Now we’ll continue with the extraction and installation. Type the following, pressing Y whenever it asks you something:apt-get update
apt-get install libjson-perl libjson-any-perl libio-socket-ssl-perl bzip2
cd /home/osmc
tar jxf ddclient-3.8.3.tar.bz2
cd ddclient-3.8.3
chmod +x ddclient
cp ddclient /usr/sbin/
mkdir /etc/ddclient
mkdir /var/cache/ddclient
cp sample-etc_ddclient.conf /etc/ddclient/ddclient.conf
nano /etc/ddclient/ddclient.conf
Now a text editor will open. I’ll send you an example of what to place there with Ctrl+V.
daemon=300 # check every 300 seconds
syslog=yes # log update msgs to syslog
mail=root # mail all msgs to root
mail-failure=root # mail failed update msgs to root
pid=/var/run/ddclient.pid # record PID in file.

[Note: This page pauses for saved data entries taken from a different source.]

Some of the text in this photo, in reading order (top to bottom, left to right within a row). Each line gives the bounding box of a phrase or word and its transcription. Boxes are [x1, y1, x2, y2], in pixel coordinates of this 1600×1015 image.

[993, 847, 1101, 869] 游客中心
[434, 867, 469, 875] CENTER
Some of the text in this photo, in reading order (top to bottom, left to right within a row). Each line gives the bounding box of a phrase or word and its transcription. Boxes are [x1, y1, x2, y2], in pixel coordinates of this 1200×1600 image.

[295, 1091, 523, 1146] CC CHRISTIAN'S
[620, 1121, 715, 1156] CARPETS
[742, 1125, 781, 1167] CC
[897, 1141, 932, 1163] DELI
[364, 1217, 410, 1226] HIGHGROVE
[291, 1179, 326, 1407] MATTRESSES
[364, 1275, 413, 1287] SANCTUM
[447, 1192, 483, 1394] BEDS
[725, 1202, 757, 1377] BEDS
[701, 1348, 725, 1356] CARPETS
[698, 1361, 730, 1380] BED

ssl=yes # use ssl-support. Works with
#use=ip, ip=127.0.0.1 # via static IP's
#use=if, if=eth0 # via interfaces
#use=web # via web
##
## CloudFlare (www.cloudflare.com)
##
use=web,
protocol=cloudflare, \
zone=yourdomainn.tk, \
server=www.cloudflare.com, \
login=your_email_at_cloudflare@email.com, \
password=yourapikeyhere \
yourdomainn.tk
You have to change these values before you copy paste it…add your values instead:
yourdomainn.tk <— your new .tk domain name
your_email_at_cloudflare@email.com <---- the one you use to log in cloudflare
yourapikeyhere <— the api key you got from cloudflare
yourdomainn.tk <----at the bottom of the config file…dont forget this!

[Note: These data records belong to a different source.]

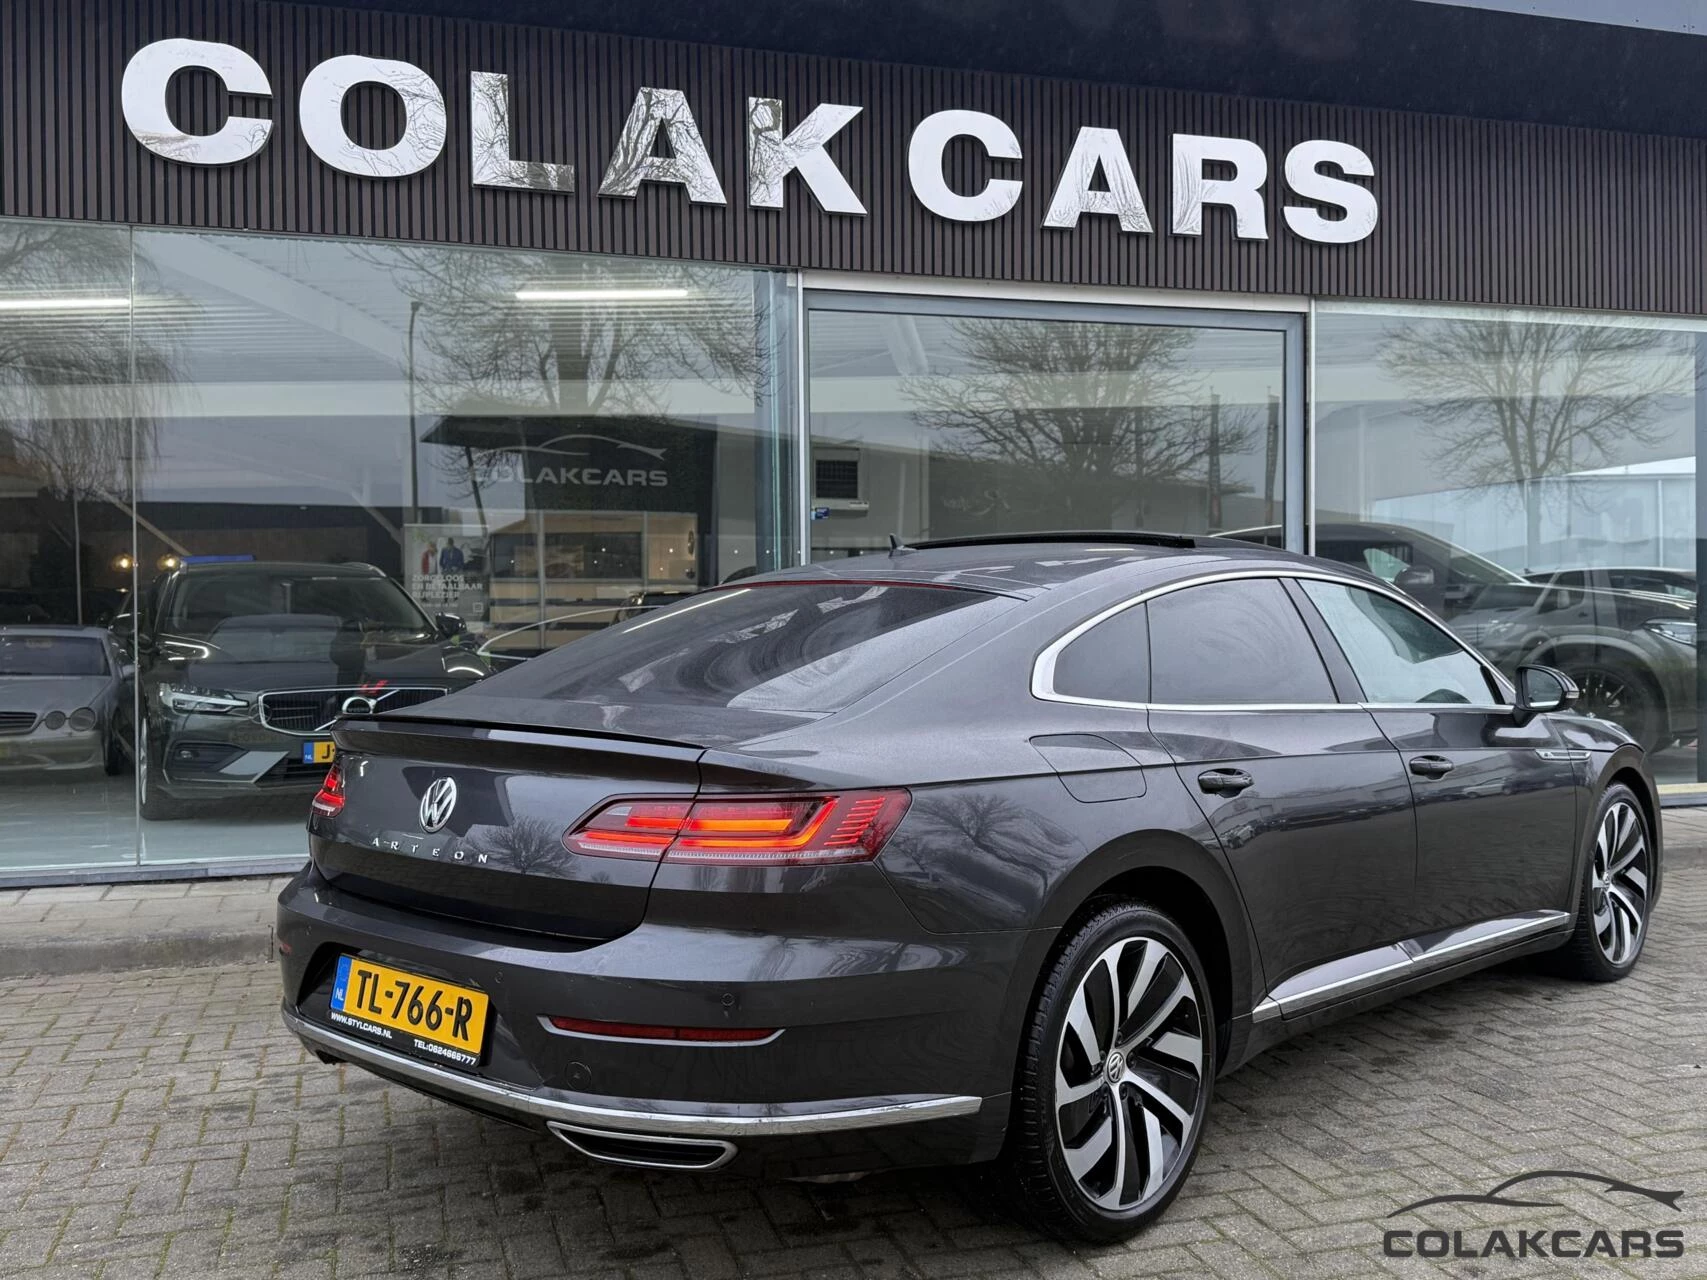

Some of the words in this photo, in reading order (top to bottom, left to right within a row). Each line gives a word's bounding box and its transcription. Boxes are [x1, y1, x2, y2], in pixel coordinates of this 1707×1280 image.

[121, 37, 868, 217] COLAK
[907, 108, 1380, 244] CARS
[372, 837, 488, 864] ARTEON
[331, 1011, 393, 1039] WWW.STYLCARS.NL
[335, 987, 345, 1001] NL
[356, 969, 473, 1042] TL-766-R

Once you copy paste them, Ctlr+X, then Y, then Enter
- Now we’ll make ddclient a service to start when the pi boots.
I’ve used this guide here for that: Ddclient not working as a service (Rpi2 - OSMC alpha4) - #2 by DBMandrake
Basically we do this:
nano /etc/systemd/system/ddclient.service
Copy paste inside this:
[Unit]
Description=Dynamic DNS Client
After=network.target
[Service]
Type=forking
User=root
Group=root
UMask=002
ExecStart=/usr/sbin/ddclient -daemon 300 -syslog
Restart=Always
TimeoutStopSec=300
[Install]
WantedBy=multi-user.target
Then Ctrl+X, Y, Enter again
And finally do this:
systemctl start ddclient.service
systemctl enable ddclient.service
systemctl daemon-reload
ddclient -daemon=0 -debug -verbose -noquiet
The last command of this last bunch is an important one. You should have that command somewhere on the side. If you execute it, it will manually update your IP at cloudflare with your router’s ip but also give you information about the update. If something failed or if the ip didnt update or something. You can execute it whenever you want…dont be afraid.

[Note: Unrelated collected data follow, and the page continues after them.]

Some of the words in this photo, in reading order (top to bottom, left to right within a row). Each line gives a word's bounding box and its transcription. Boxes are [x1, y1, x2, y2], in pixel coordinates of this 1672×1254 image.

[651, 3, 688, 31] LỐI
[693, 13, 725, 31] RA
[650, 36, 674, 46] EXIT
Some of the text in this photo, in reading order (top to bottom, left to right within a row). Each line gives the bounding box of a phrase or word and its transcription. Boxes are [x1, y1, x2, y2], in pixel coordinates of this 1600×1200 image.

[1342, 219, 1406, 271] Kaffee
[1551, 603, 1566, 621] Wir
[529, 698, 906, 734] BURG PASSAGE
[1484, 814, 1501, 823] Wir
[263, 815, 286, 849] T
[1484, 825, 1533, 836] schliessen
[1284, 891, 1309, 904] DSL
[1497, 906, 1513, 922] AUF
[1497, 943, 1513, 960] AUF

This service will check every 300 seconds and see if your IP matches the one at cloudflare…if it doesnt it will update it automatically.
And you are done…you can use your .tk domain name now from anywhere in the world on a putty console (or even vnc) instead of your dynamic IP address.
Note
Your new .tk name cant be use from your pc to connect to the pi (they are both under the same LAN network). If you want to do that you’ll have to edit your C:\Windows\System32\drivers\etc\hosts file and add a forwarding line to point to your pi’s local ip address…like so:
192.168.1.10 mydomain.tk
where …10 is the local ip of your pi.